GIVEN INFORMATION:

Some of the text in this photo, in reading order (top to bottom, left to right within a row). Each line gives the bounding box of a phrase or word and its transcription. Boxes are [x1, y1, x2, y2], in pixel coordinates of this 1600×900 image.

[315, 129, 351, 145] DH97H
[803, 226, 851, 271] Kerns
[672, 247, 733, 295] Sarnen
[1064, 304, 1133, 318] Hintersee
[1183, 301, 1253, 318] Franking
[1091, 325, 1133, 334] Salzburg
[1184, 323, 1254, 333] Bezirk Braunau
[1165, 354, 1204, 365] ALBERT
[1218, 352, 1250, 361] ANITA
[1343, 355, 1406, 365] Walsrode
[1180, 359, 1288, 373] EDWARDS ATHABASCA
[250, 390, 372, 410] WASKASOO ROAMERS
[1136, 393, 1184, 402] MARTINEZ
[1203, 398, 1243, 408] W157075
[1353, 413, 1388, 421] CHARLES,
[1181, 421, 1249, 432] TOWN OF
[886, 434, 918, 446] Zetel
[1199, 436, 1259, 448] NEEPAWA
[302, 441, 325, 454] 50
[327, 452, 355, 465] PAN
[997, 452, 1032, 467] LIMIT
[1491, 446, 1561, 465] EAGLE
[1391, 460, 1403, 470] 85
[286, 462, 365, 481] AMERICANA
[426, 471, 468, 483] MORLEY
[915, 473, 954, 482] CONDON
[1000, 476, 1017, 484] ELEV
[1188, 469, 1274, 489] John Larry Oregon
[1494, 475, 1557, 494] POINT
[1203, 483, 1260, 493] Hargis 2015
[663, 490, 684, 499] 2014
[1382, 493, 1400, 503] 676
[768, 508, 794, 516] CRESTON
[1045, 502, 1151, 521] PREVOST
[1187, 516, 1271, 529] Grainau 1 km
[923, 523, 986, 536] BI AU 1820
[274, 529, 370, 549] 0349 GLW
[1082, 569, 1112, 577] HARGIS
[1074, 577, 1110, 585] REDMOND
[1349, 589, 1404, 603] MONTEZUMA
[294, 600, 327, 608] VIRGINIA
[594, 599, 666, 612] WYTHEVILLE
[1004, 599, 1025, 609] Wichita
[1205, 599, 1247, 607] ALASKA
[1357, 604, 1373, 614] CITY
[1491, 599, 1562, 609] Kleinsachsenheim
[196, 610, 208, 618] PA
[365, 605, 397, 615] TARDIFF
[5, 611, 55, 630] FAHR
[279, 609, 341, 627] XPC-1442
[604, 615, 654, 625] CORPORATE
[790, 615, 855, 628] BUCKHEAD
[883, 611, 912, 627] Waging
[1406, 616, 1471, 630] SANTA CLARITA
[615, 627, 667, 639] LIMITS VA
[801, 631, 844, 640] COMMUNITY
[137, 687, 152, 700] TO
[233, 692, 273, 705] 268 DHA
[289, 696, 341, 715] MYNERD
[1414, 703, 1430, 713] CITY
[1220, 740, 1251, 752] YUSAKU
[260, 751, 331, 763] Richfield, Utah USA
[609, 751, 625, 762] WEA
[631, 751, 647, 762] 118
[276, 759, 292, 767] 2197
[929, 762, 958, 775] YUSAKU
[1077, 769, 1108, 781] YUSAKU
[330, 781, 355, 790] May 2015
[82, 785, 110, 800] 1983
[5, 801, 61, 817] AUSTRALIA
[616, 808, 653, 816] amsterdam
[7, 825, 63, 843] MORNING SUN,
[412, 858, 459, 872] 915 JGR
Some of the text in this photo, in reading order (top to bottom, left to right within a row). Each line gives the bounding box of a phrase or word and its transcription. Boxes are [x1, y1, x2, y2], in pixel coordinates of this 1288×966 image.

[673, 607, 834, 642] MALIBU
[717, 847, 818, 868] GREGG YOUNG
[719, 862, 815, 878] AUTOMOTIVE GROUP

ABOUT THIS TASK: Copy out the line holding "this 1288×966 image.". Then copy every later line of the data, unchanged, through the last one.

EXPECTED OUTPUT:
Some of the text in this photo, in reading order (top to bottom, left to right within a row). Each line gives the bounding box of a phrase or word and its transcription. Boxes are [x1, y1, x2, y2], in pixel coordinates of this 1288×966 image.

[673, 607, 834, 642] MALIBU
[717, 847, 818, 868] GREGG YOUNG
[719, 862, 815, 878] AUTOMOTIVE GROUP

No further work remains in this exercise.